__EXERCISE BRIEF__.
Please transcribe the listing that follows exactly; images are to be excluded.

---- MATERIAL SUPPLIED

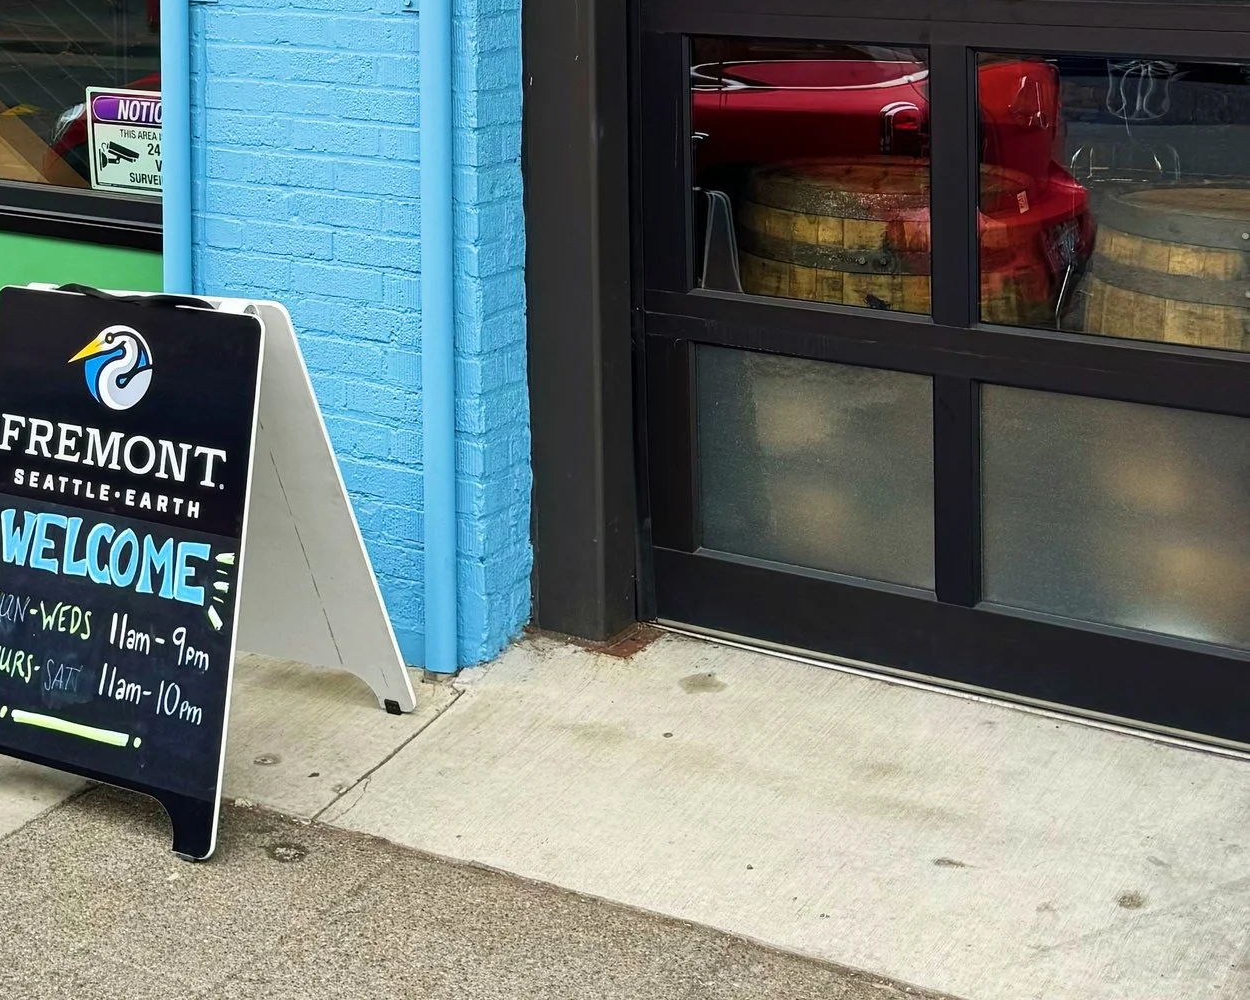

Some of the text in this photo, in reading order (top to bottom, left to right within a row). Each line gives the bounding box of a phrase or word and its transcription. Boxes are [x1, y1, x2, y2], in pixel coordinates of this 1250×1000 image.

[120, 128, 137, 140] THIS
[137, 131, 158, 141] AREA
[147, 143, 161, 157] 24
[0, 508, 212, 607] WELCOME
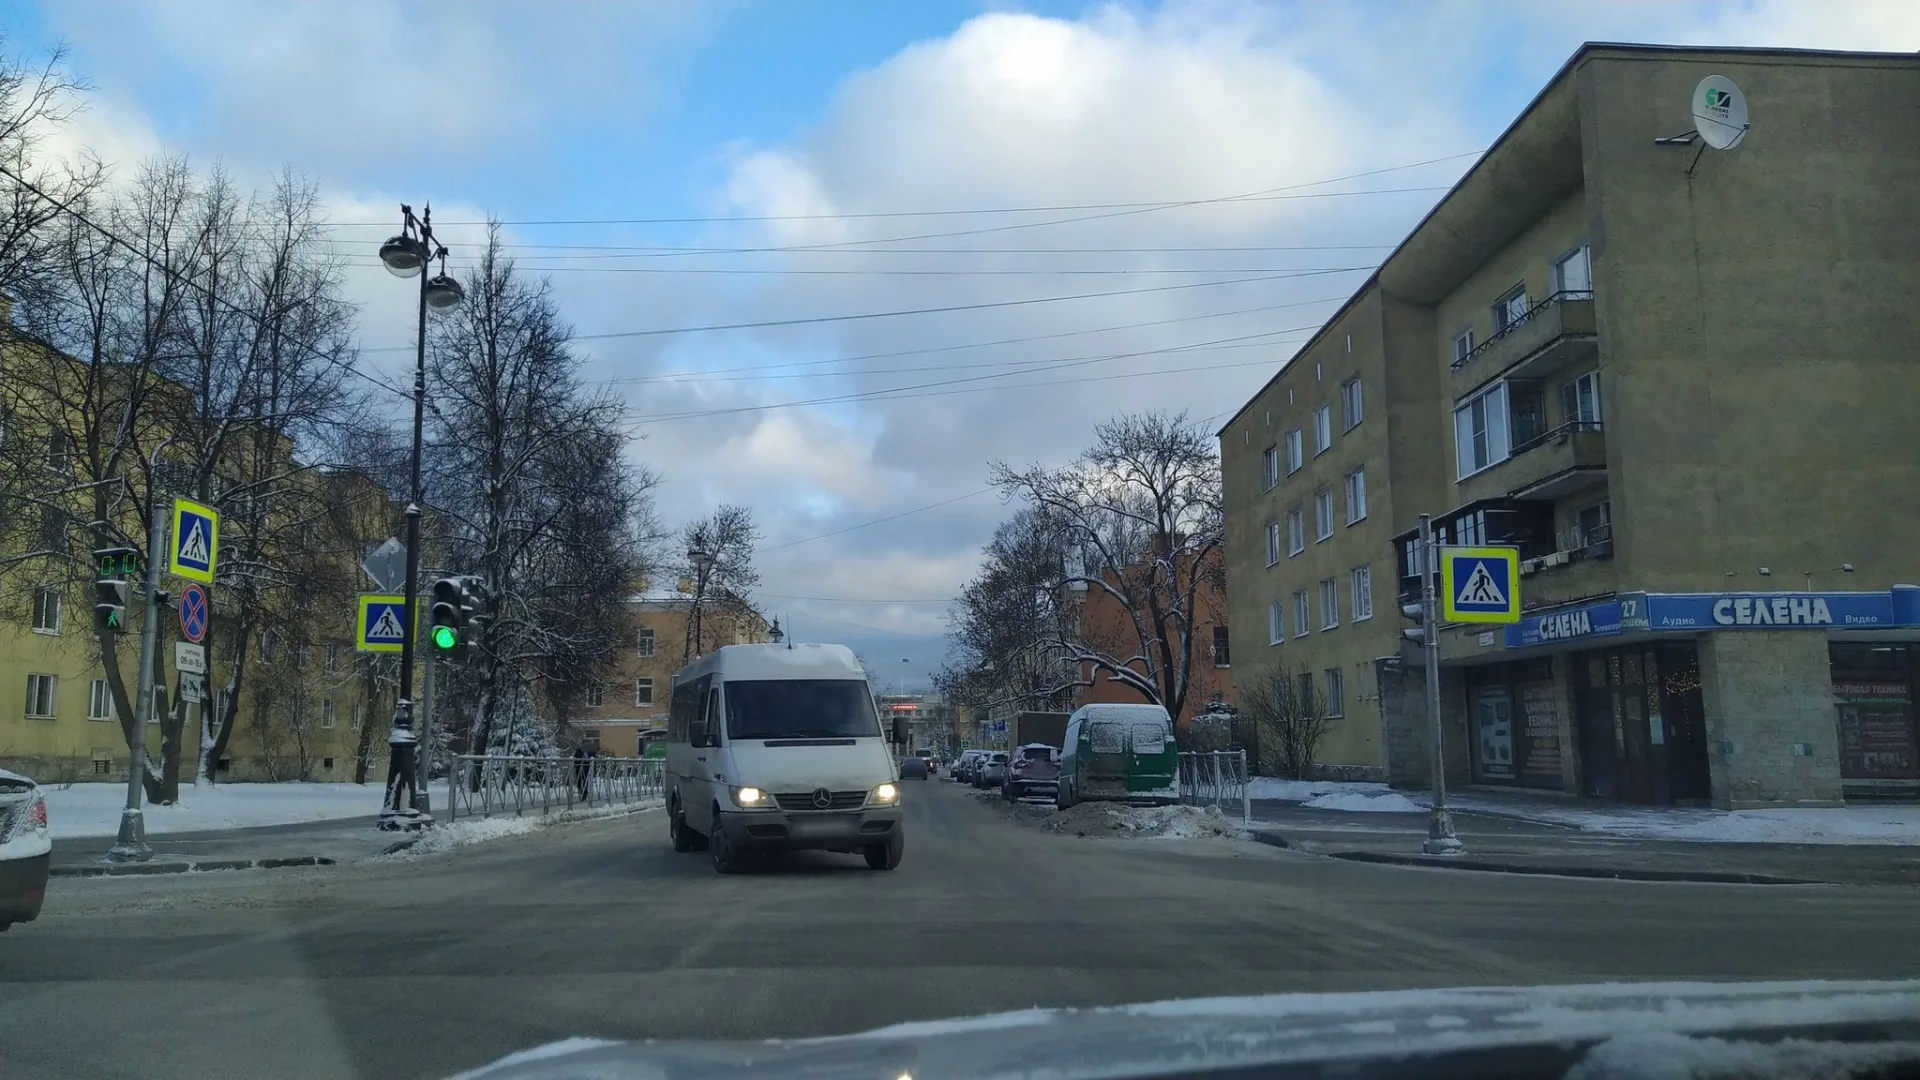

--------

__WRITTEN REPLY__.
Some of the text in this photo, in reading order (top to bottom, left to right within a row). Each line gives the bounding box of a phrase or word and its transcription. Boxes are [x1, y1, x2, y2], in pixel coordinates of this 1250×1000 image.

[120, 128, 137, 140] THIS
[137, 131, 158, 141] AREA
[147, 143, 161, 157] 24
[0, 508, 212, 607] WELCOME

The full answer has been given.